LOW EVAPORATOR PRESSURES
Usually, low suction pressure is the more common problem when too high a compression ratio is encountered. The following can all contribute to low suction pressure:
- low load
- misadjusted, or improperly sized expansion device
- mismatched or defective evaporator
- poor suction pipe sizing
- poor installation
The problem may be poor system design, making it necessary to operate the compressor outside its design conditions.
If no other reason can be found for high compression ratio, recalculate the size of a system using all the known parameters to see if the present system should be able to handle the now accurately known load. Chances are, it won’t be able to handle the load. More refrigeration will need to be added. Perhaps the original design engineer was not notified of the entire load, or more load has been added to the original design.
Electrical failures are a major cause of compressor motor failure. A common cause of Three-phase motor compressors failing is from voltage and current imbalance. And this imbalance causes overheating. Single phasing, where one leg of the three phases is lost, is the ultimate imbalance. Failure is rapid. There are many inexpensive devices that detect phase loss, imbalance, too high or too low a voltage, and quickly take the compressor offline before it can be badly damaged. Normal voltage tolerances for most compressors are +/- 10% of nameplate rating. Voltages outside these minimum/maximums should be corrected.
A three-phase compressor is a big, expensive item. Every protective device available ought to be used to prolong its useful life. Single-phase motor compressors may employ a complete set of starting components, or at least, a run capacitor. Should any of the components fail, the compressor will draw locked rotor current (LRA) when trying to start. Even though an internal or external overload may open and take the compressor offline, overheating has occurred, and repeated attempts to start should be avoided as this will result in motor winding failure. Always check the start and run components and replace any defective items with the manufacturer’s recommended devices. A compressor takes a few minutes of run time to get rid of the excess heat generated by the locked rotor current drawn from normal starting. Short cycling systems do not allow all the heat from previous starts to be removed. A build-up of heat will occur and the compressor will burn out. Re-adjust control settings to prevent short cycling and use anti-short cycling time delay devices.

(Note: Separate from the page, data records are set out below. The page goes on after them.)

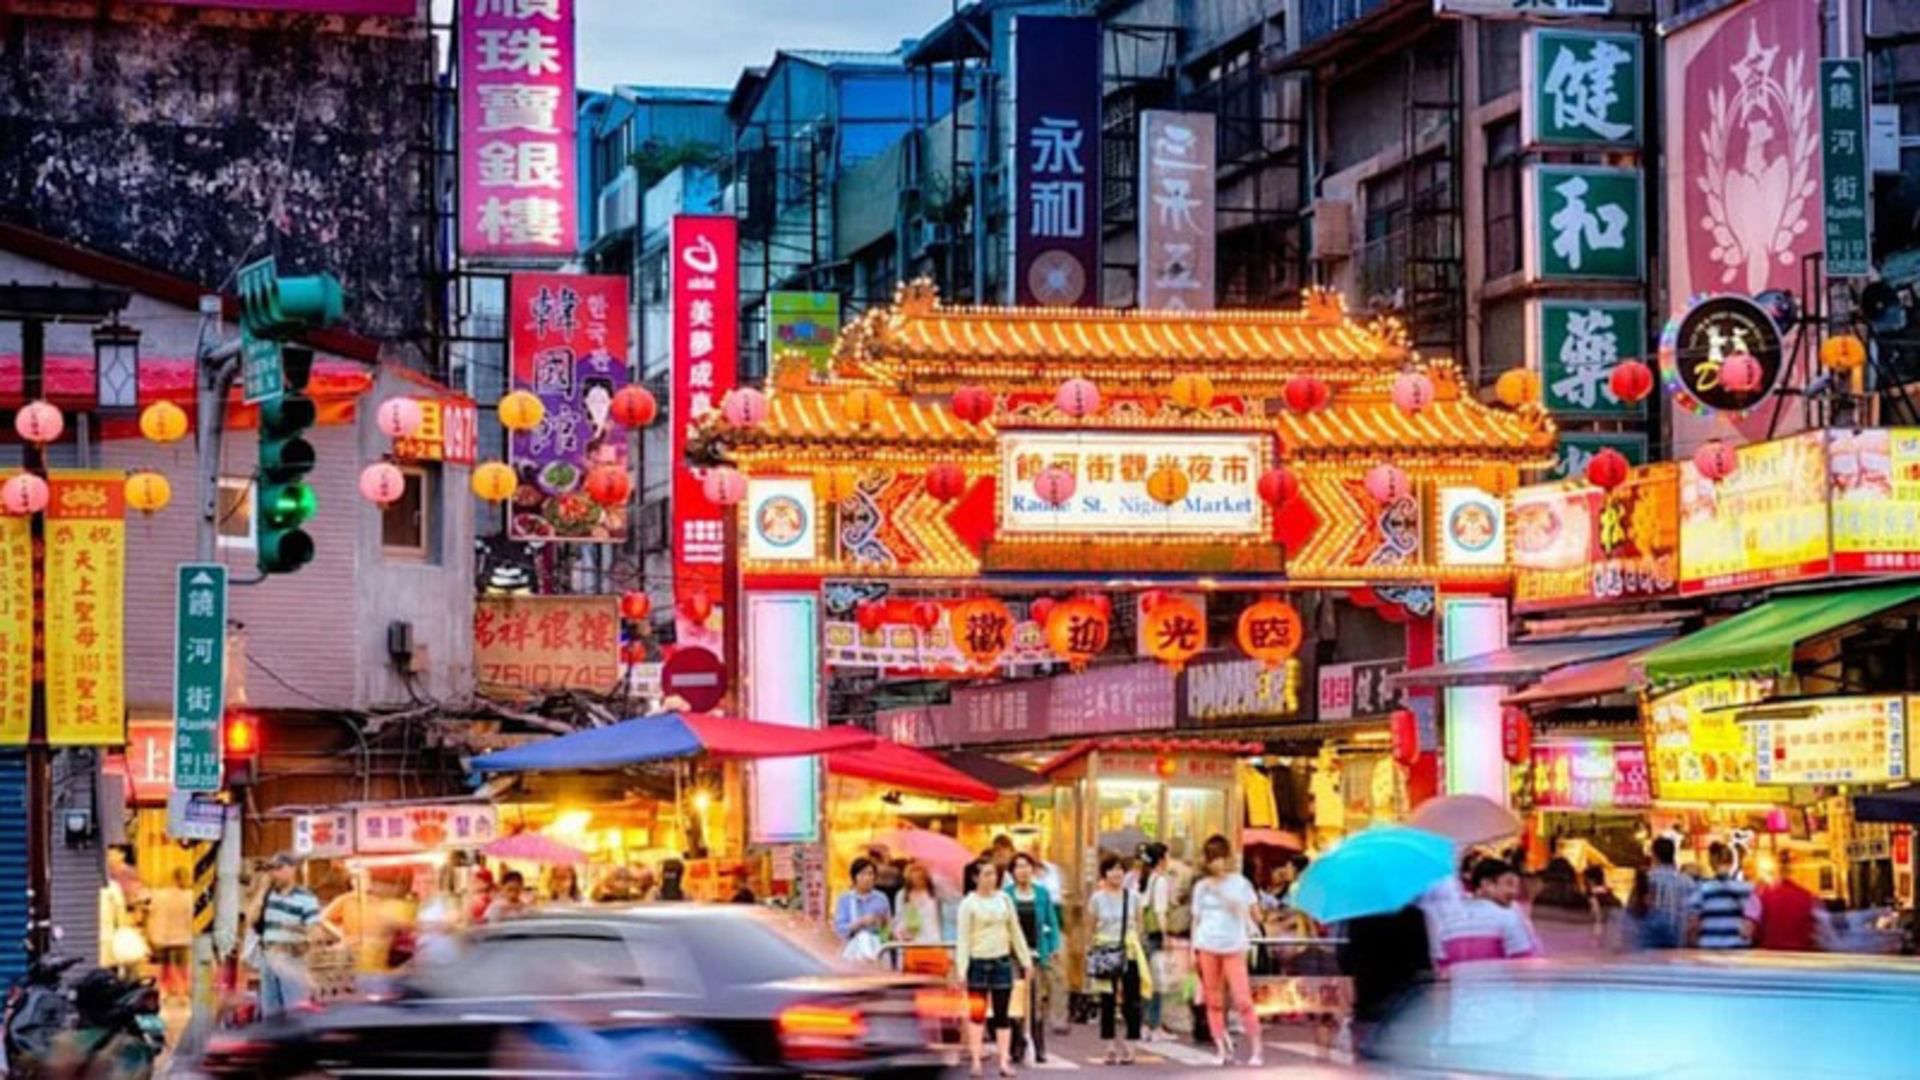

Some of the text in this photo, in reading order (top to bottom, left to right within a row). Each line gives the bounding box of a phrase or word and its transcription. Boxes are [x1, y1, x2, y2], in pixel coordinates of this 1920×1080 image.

[1544, 40, 1632, 139] 健
[1030, 117, 1084, 237] 永和
[1830, 84, 1857, 201] 饒河街
[1550, 176, 1628, 270] 和
[1082, 497, 1107, 512] St.
[1184, 497, 1251, 512] Market
[187, 589, 215, 712] 饒河街
[1067, 615, 1102, 652] 迎
[1155, 616, 1198, 650] 光
[1249, 617, 1290, 649] 臨
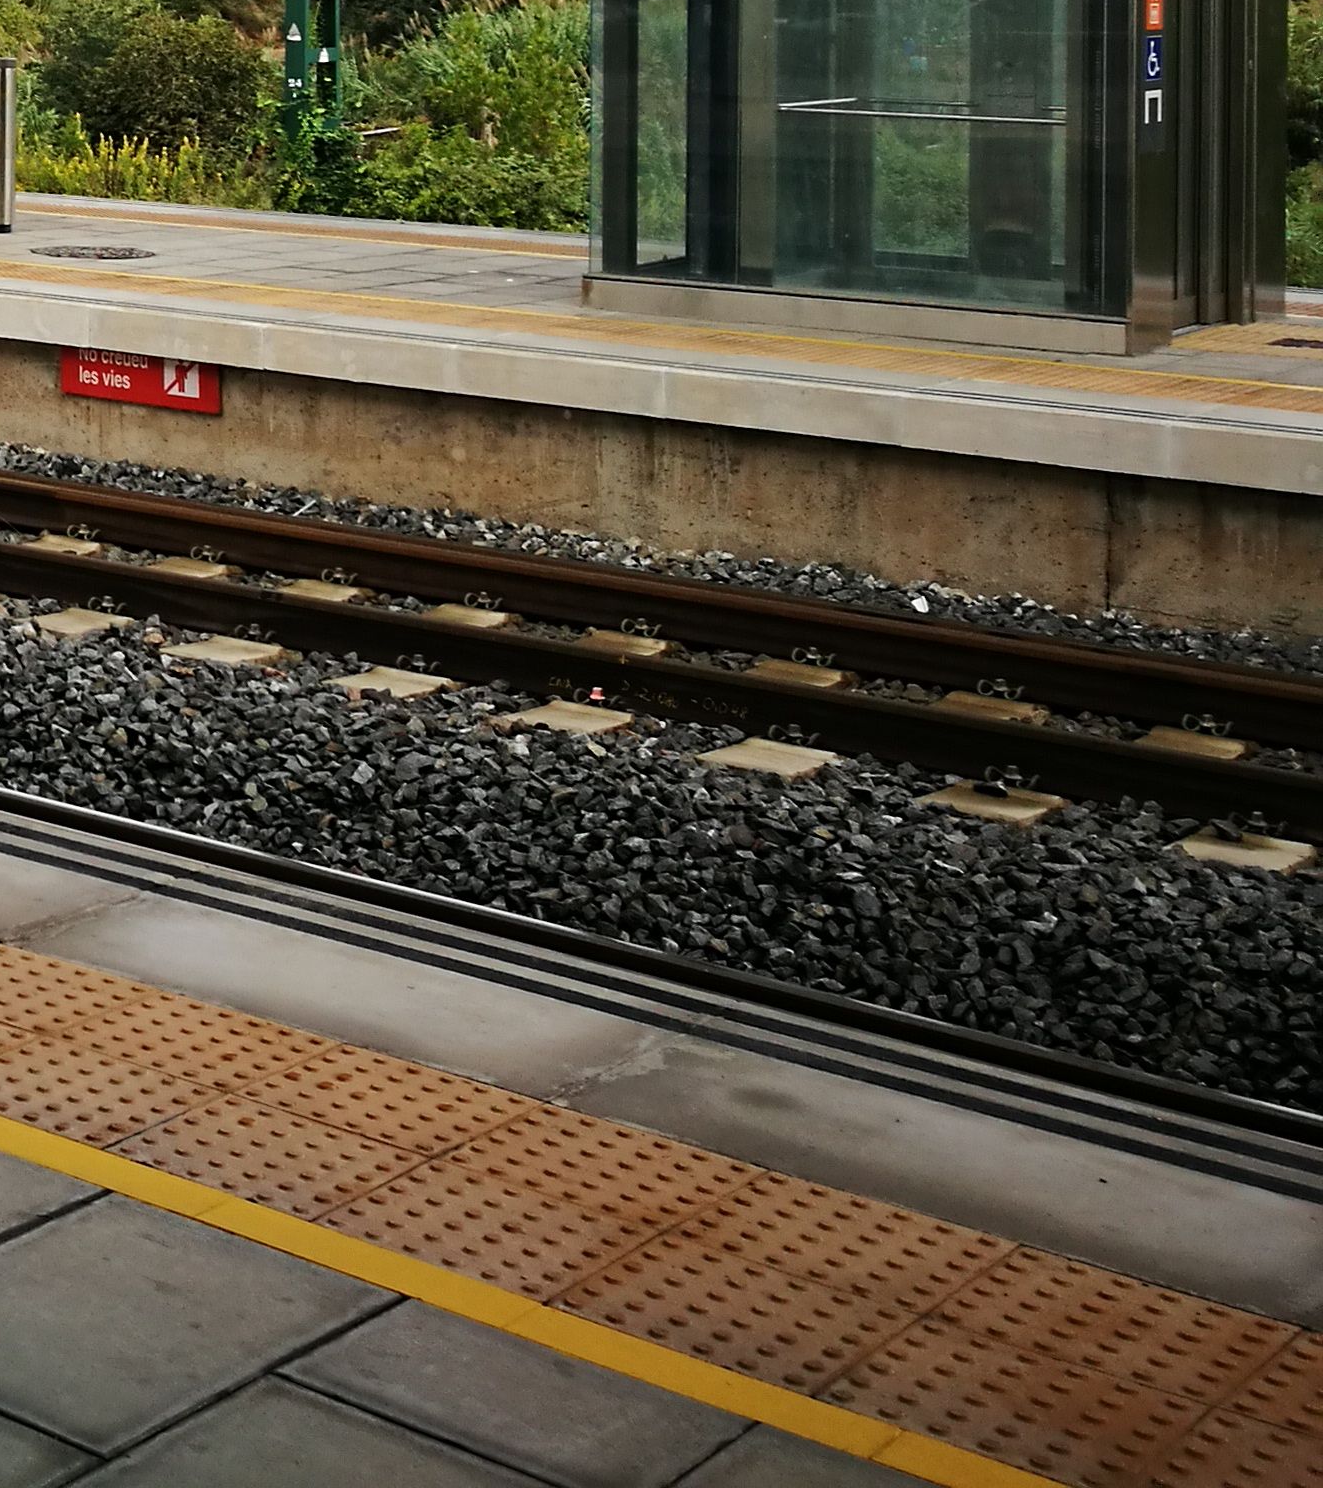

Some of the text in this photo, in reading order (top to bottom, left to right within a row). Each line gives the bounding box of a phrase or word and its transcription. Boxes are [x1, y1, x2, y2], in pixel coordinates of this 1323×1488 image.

[78, 348, 148, 369] No creueu
[78, 365, 131, 390] les vies

The substantial number of compressors are often diagnosed as having failed but were found to be perfectly good and this must be addressed. The service person may have jumped to a conclusion without making a thorough investigation. Perhaps that person did not have the proper tools, instruments, or training to make a correct diagnosis. The manufacturer doing the teardown followed up on many of the returned good compressors to attempt to find out the reasons why many compressors were misdiagnosed.
They found the reasons for the errors were:
- Not allowing the compressor to cool off long enough to permit any internal overloads to close
- Not using a good Voltage/Ohm meter or insulation tester to check the motor windings
- Using the wrong scale on a meter
- Not knowing what meter readings mean
- Not checking contactors, wires, and terminals
- Not checking startup voltage at the compressor terminals
- Not checking starting and running components on single-phase units
- Not waiting for pressure to equalize on cap tube type systems
- All others, such as simply a blown fuse, defective control, etc
When replacing a compressor, do not take shortcuts. Shortcuts may save time and even get a system running, but are not worth the chances of repeat compressor failure. Always follow good cleanup procedures. Before leaving any compressor replacement job, a good technician will identify any problems and correct them, or at least bring them to the attention of the service manager who can recommend corrective action to the customer. If a compressor fails and the cause of failure has not been determined and eliminated, the replacement compressor will quickly fail.